*The task*
Print each entry word for word without images.

*Dataset excerpts*

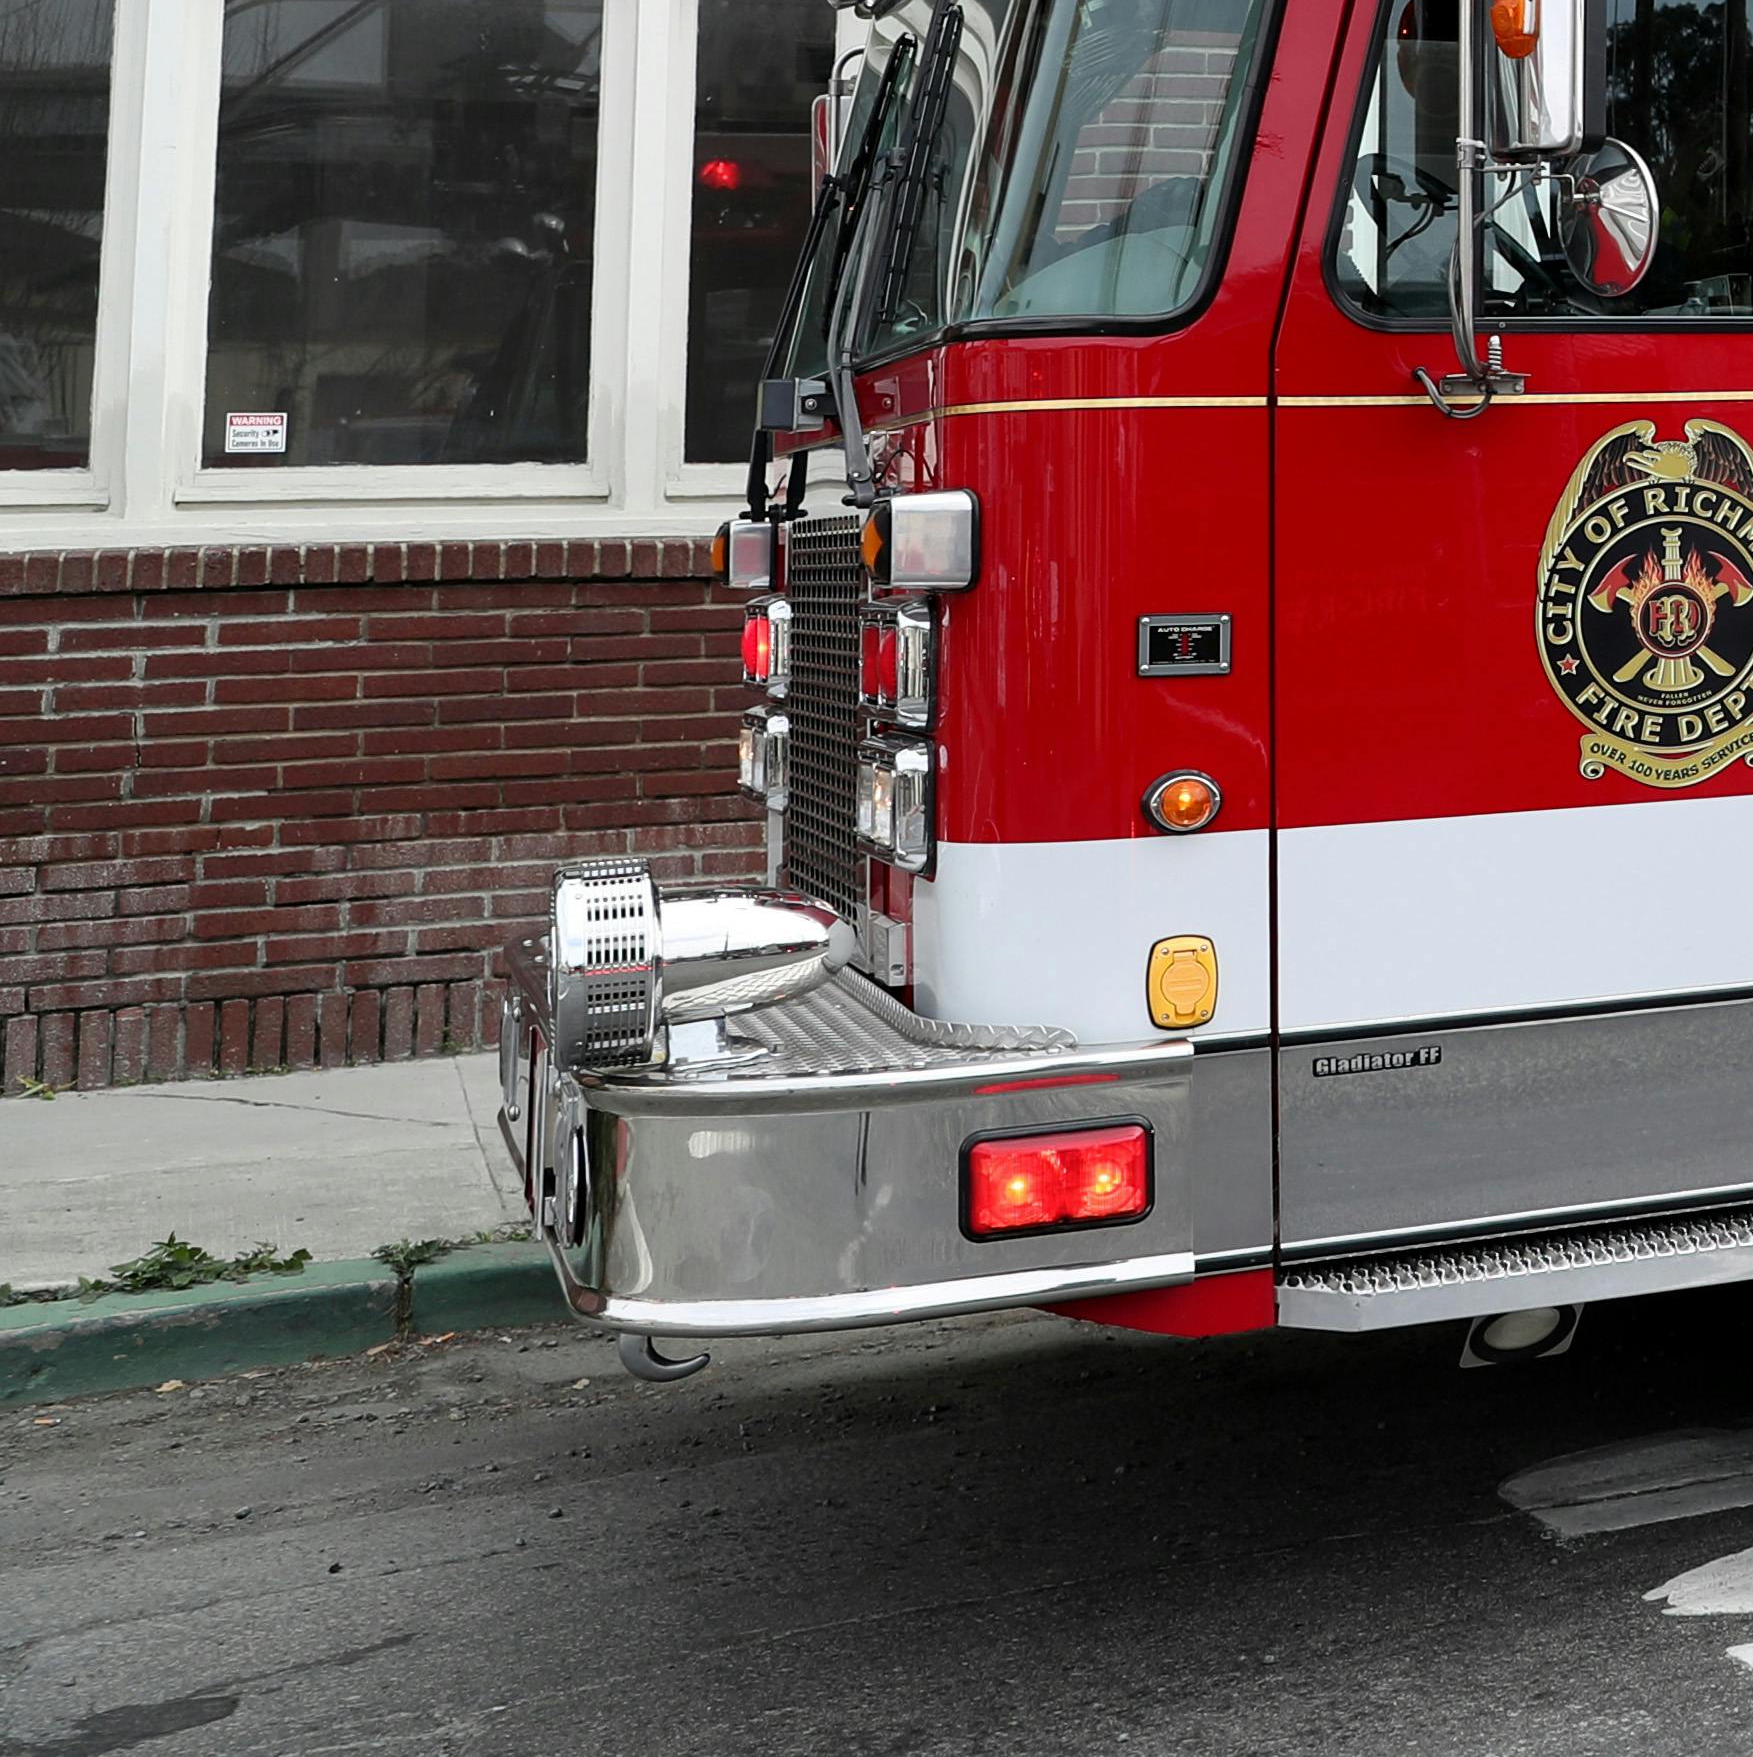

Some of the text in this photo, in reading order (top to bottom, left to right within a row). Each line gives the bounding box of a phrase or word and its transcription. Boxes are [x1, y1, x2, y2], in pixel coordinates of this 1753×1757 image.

[231, 416, 282, 425] WARNING
[232, 429, 259, 438] Security
[1546, 547, 1586, 646] CITY
[1583, 501, 1630, 544] OF
[1660, 692, 1690, 700] FALLEN
[1665, 689, 1713, 706] FORGOTTEN
[1575, 683, 1664, 744] FIRE
[1590, 742, 1627, 765] OVER
[1628, 759, 1653, 778] 100
[1654, 764, 1700, 781] YEARS
[1315, 1046, 1440, 1076] Gladiator FF

*Your response*
Some of the text in this photo, in reading order (top to bottom, left to right within a row). Each line gives the bounding box of a phrase or word and its transcription. Boxes are [x1, y1, x2, y2], in pixel coordinates of this 1753×1757 image.

[231, 416, 282, 425] WARNING
[232, 429, 259, 438] Security
[1546, 547, 1586, 646] CITY
[1583, 501, 1630, 544] OF
[1660, 692, 1690, 700] FALLEN
[1665, 689, 1713, 706] FORGOTTEN
[1575, 683, 1664, 744] FIRE
[1590, 742, 1627, 765] OVER
[1628, 759, 1653, 778] 100
[1654, 764, 1700, 781] YEARS
[1315, 1046, 1440, 1076] Gladiator FF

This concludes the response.